What is expected: Only the pictures are to be left out, and the rest of the entries should be reproduced exactly.

(Spatial localization data)
###

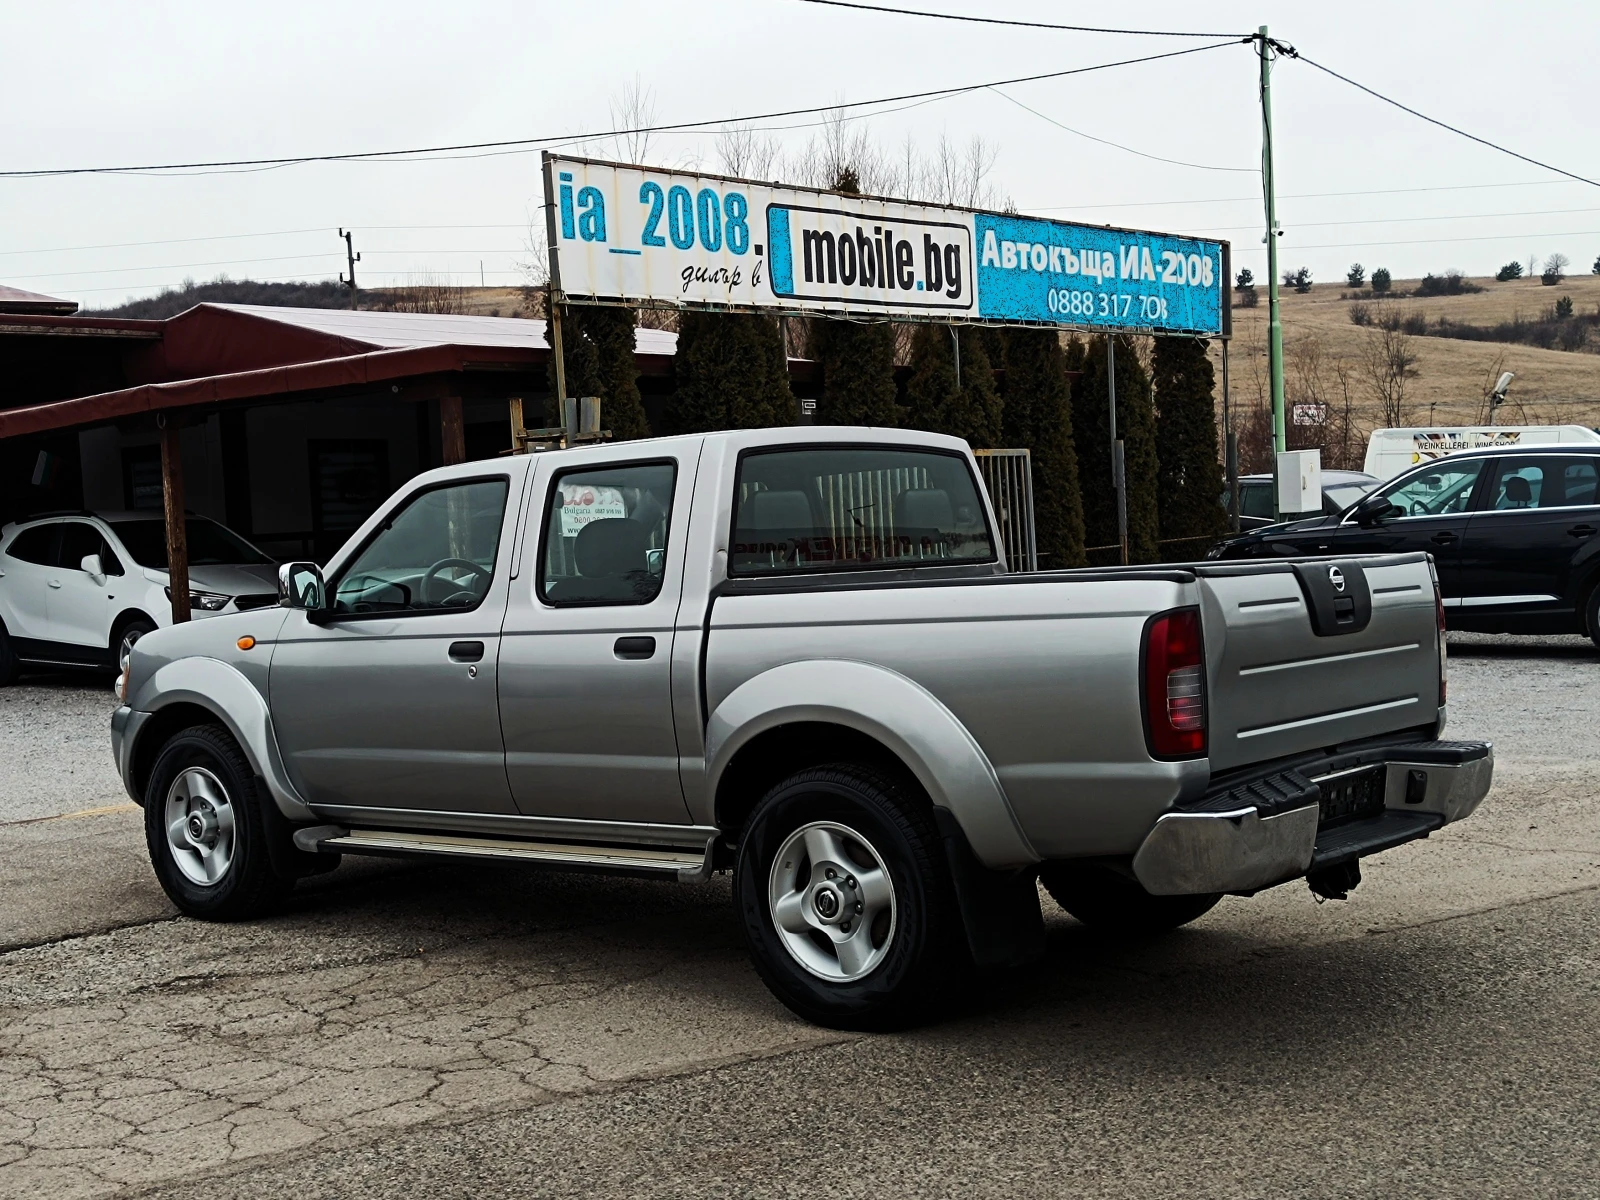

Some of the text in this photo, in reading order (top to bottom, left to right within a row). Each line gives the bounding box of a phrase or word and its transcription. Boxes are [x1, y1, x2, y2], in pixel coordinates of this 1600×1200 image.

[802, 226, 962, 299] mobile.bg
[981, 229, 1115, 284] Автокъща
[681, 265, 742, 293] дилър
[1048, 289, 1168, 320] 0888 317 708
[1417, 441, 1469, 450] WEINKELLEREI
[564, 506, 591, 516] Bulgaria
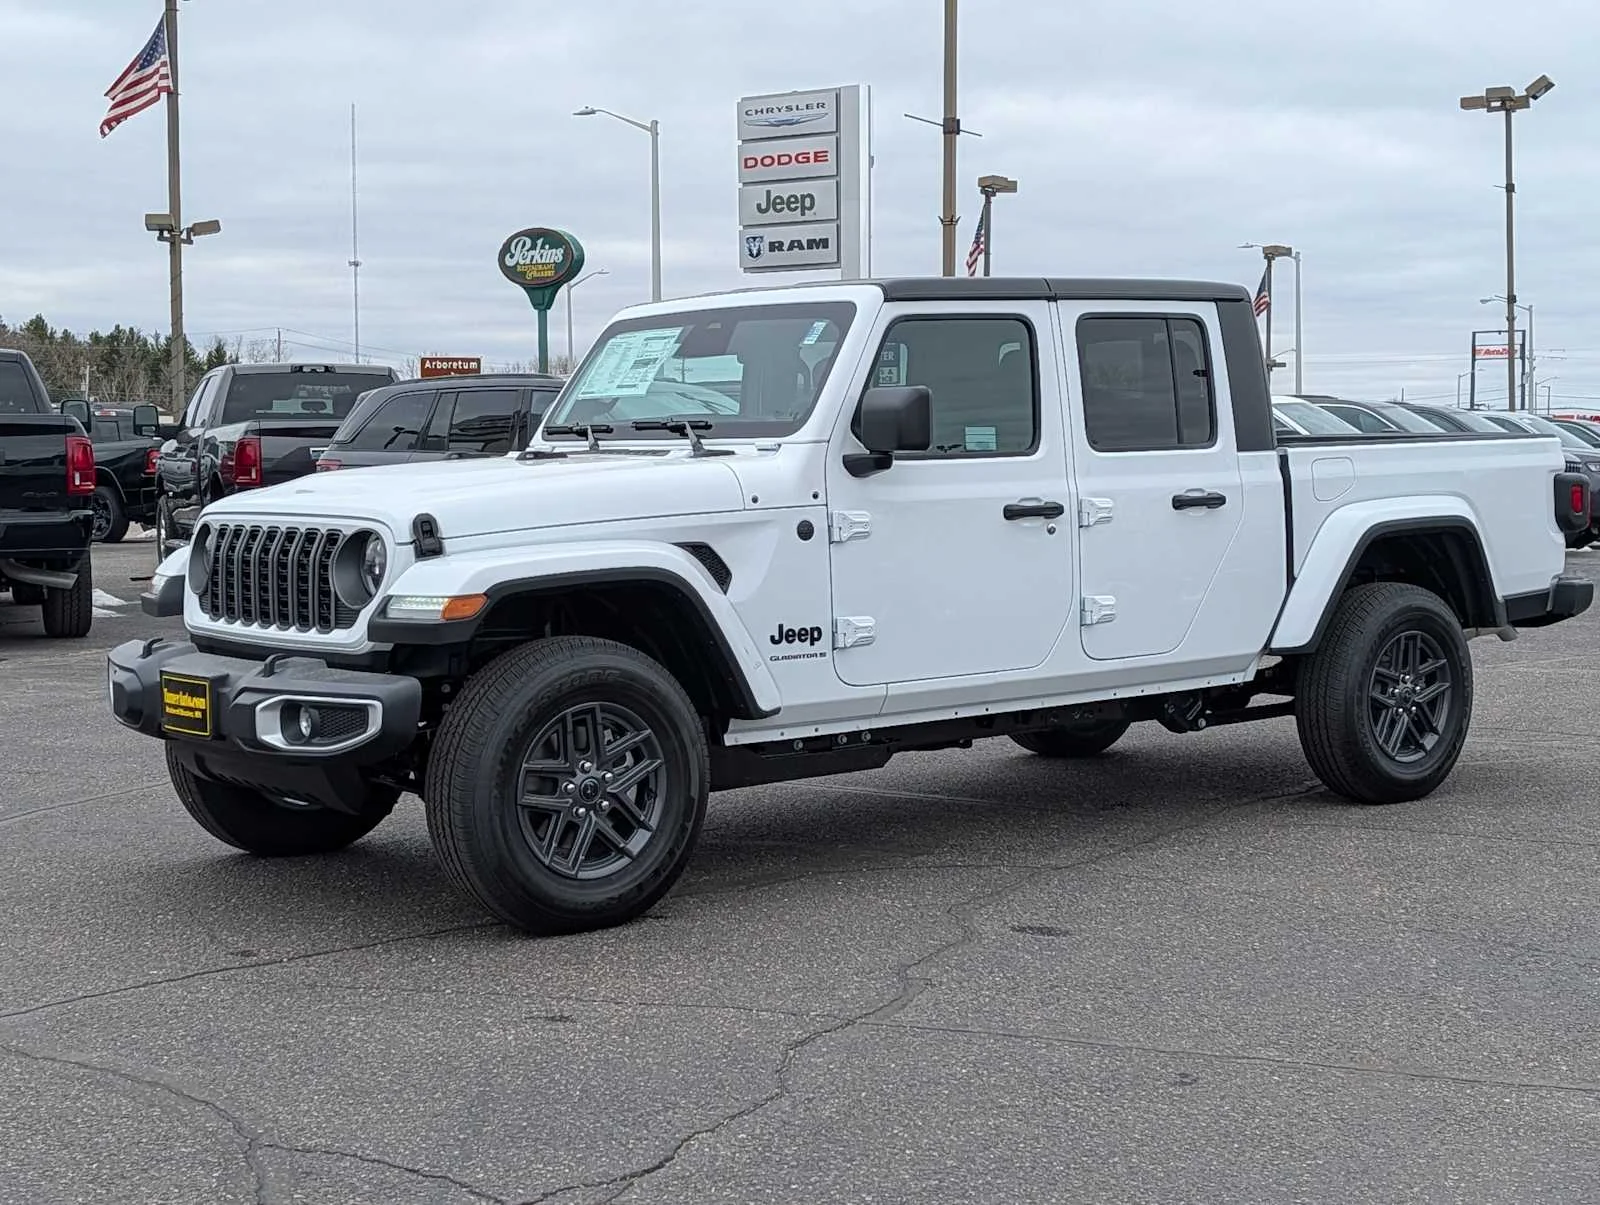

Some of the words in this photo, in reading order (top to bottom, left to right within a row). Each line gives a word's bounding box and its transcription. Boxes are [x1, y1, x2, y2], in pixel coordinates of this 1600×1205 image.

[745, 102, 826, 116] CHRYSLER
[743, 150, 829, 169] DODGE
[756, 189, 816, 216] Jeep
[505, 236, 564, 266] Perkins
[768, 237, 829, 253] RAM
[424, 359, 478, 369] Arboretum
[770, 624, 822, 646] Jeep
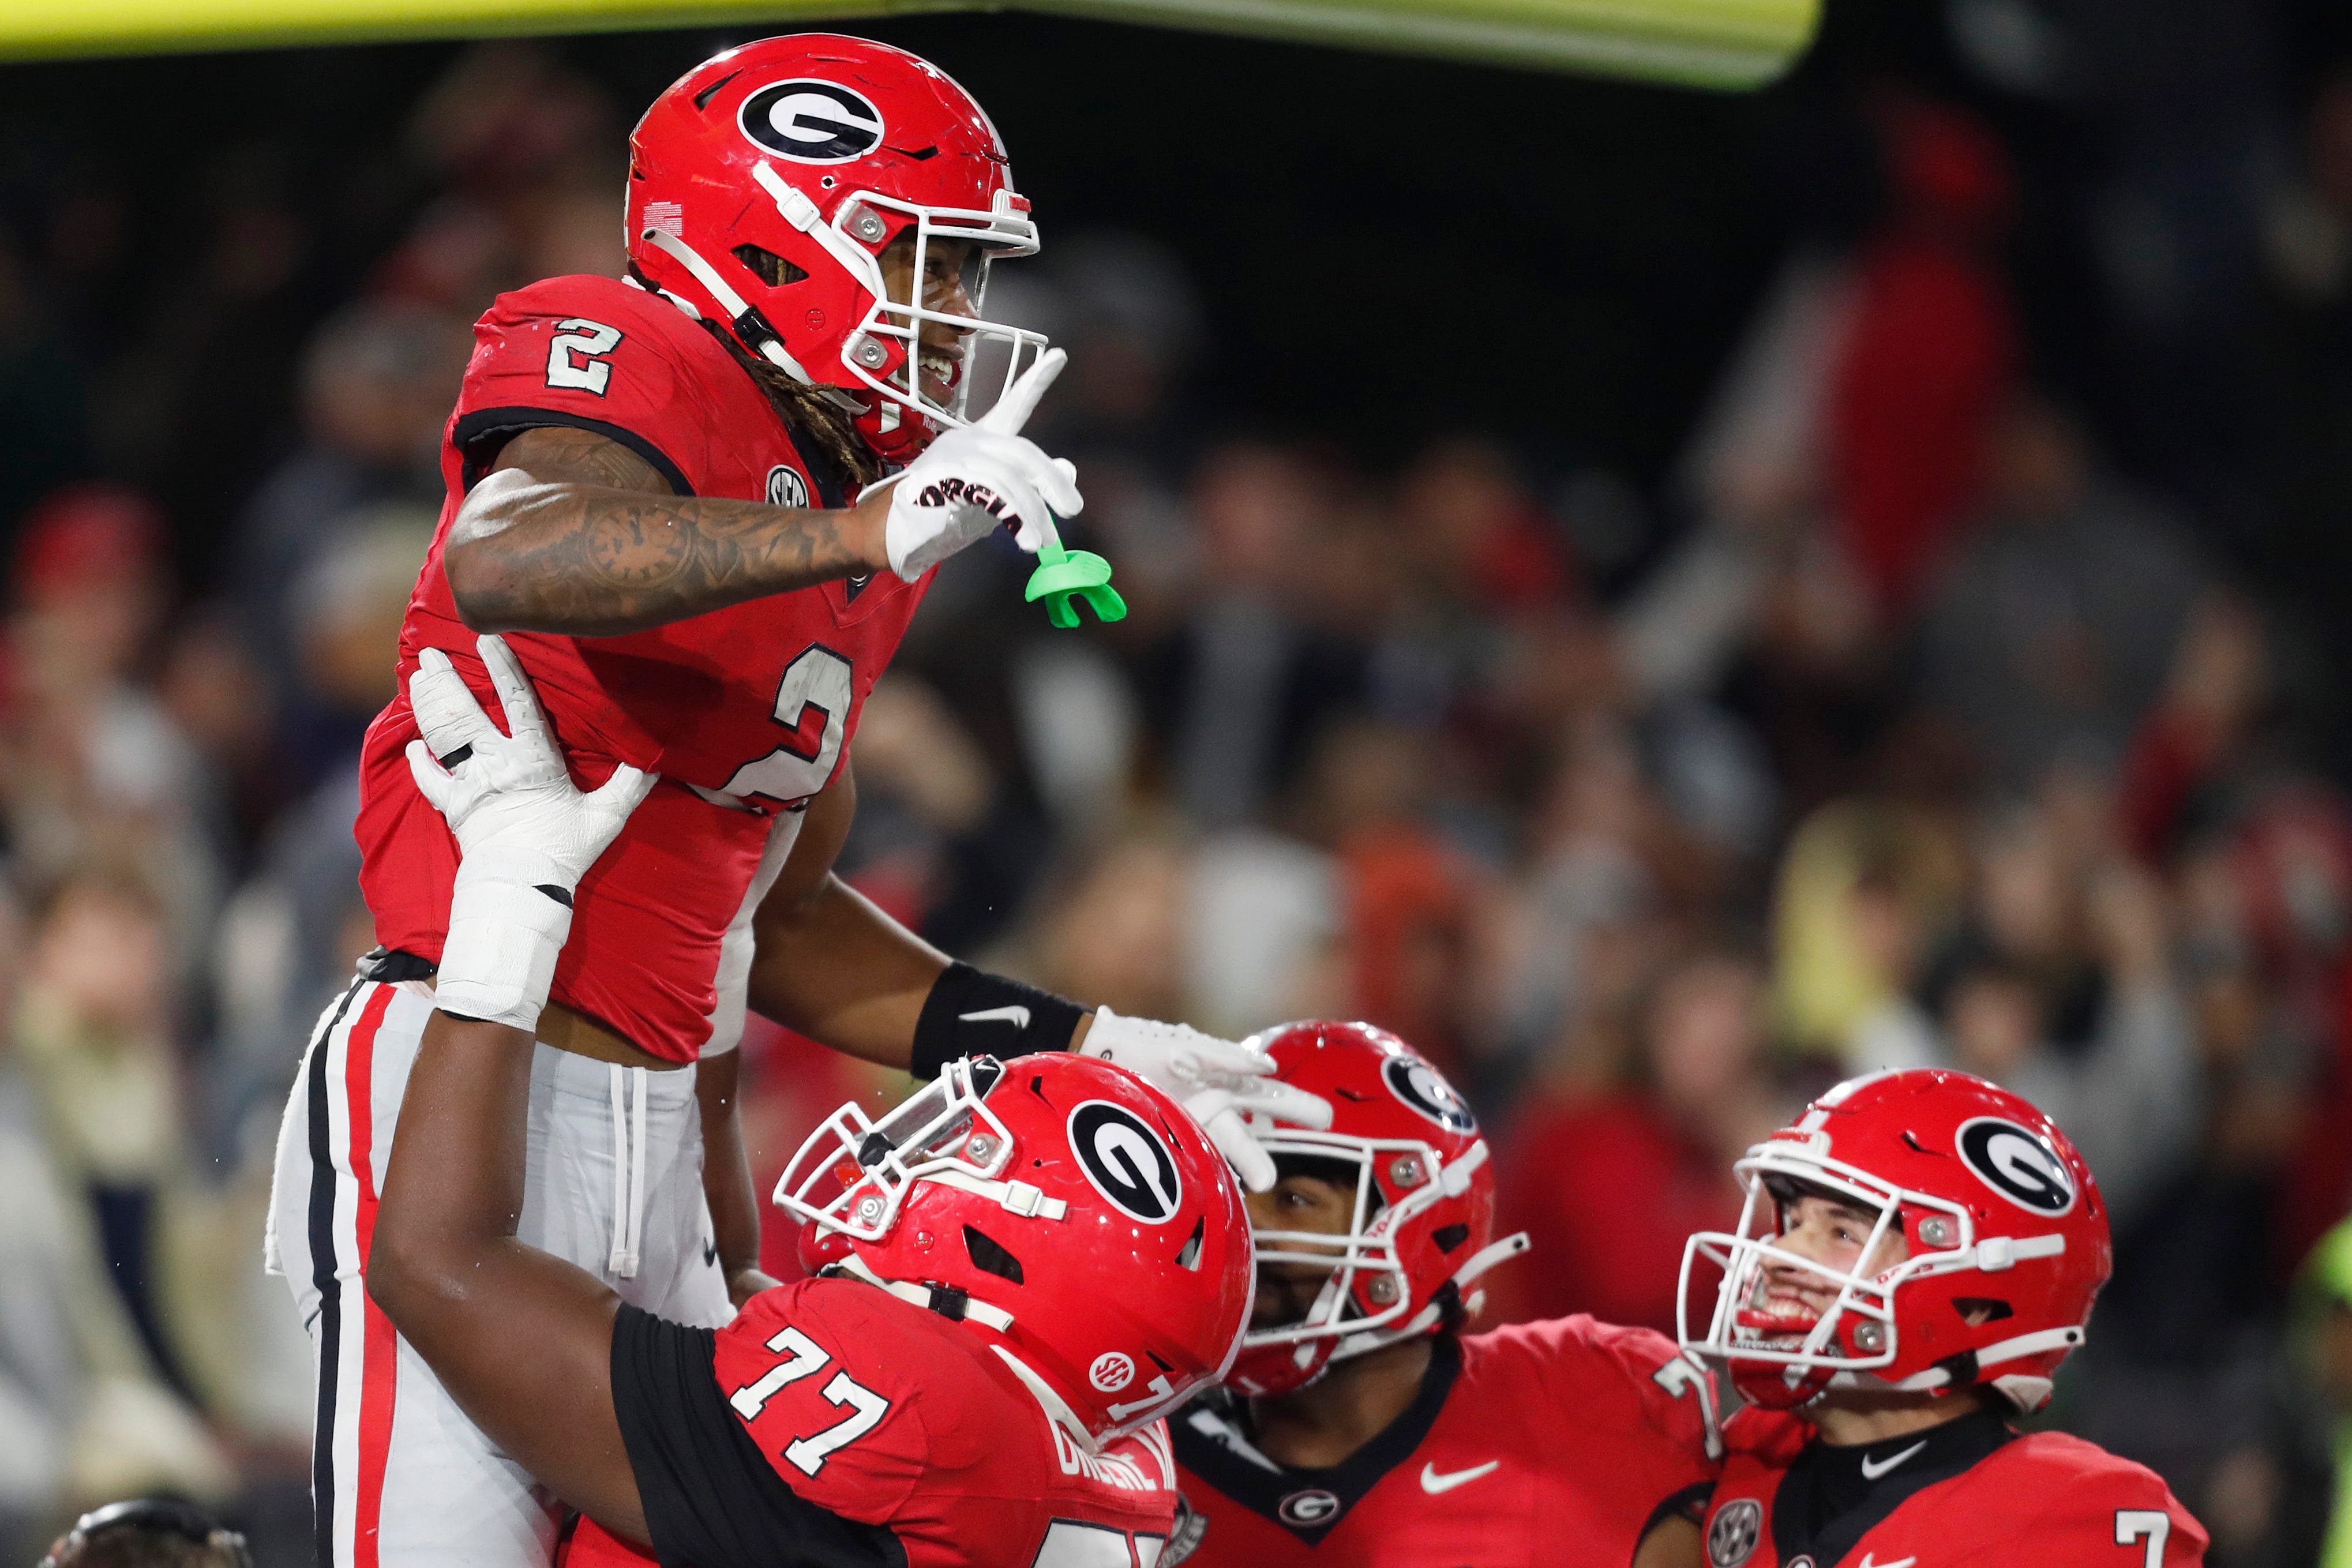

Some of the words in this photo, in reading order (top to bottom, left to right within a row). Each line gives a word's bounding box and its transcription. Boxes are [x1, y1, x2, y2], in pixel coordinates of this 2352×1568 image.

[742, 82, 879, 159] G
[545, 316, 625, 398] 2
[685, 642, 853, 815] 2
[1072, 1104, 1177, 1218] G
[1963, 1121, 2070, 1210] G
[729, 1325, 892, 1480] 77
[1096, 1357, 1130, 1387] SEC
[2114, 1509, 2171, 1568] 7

###

Answer space:
Some of the text in this photo, in reading order (top to bottom, left to right within a row). Each line gives the bounding box of a phrase or word and its transcription. Boxes are [x1, y1, x2, y2], in pixel coordinates of this 1600×1200 image.

[802, 226, 962, 299] mobile.bg
[981, 229, 1115, 284] Автокъща
[681, 265, 742, 293] дилър
[1048, 289, 1168, 320] 0888 317 708
[1417, 441, 1469, 450] WEINKELLEREI
[564, 506, 591, 516] Bulgaria

Some of the words in this photo, in reading order (top to bottom, left to right within a row). Each line gives a word's bounding box and its transcription. Boxes are [x1, y1, x2, y2], in pixel coordinates of this 1600×1205 image.

[745, 102, 826, 116] CHRYSLER
[743, 150, 829, 169] DODGE
[756, 189, 816, 216] Jeep
[505, 236, 564, 266] Perkins
[768, 237, 829, 253] RAM
[424, 359, 478, 369] Arboretum
[770, 624, 822, 646] Jeep

Some of the words in this photo, in reading order (top to bottom, left to right within a row). Each line gives a word's bounding box and its transcription. Boxes are [x1, y1, x2, y2], in pixel coordinates of this 2352×1568 image.

[742, 82, 879, 159] G
[545, 316, 625, 398] 2
[685, 642, 853, 815] 2
[1072, 1104, 1177, 1218] G
[1963, 1121, 2070, 1210] G
[729, 1325, 892, 1480] 77
[1096, 1357, 1130, 1387] SEC
[2114, 1509, 2171, 1568] 7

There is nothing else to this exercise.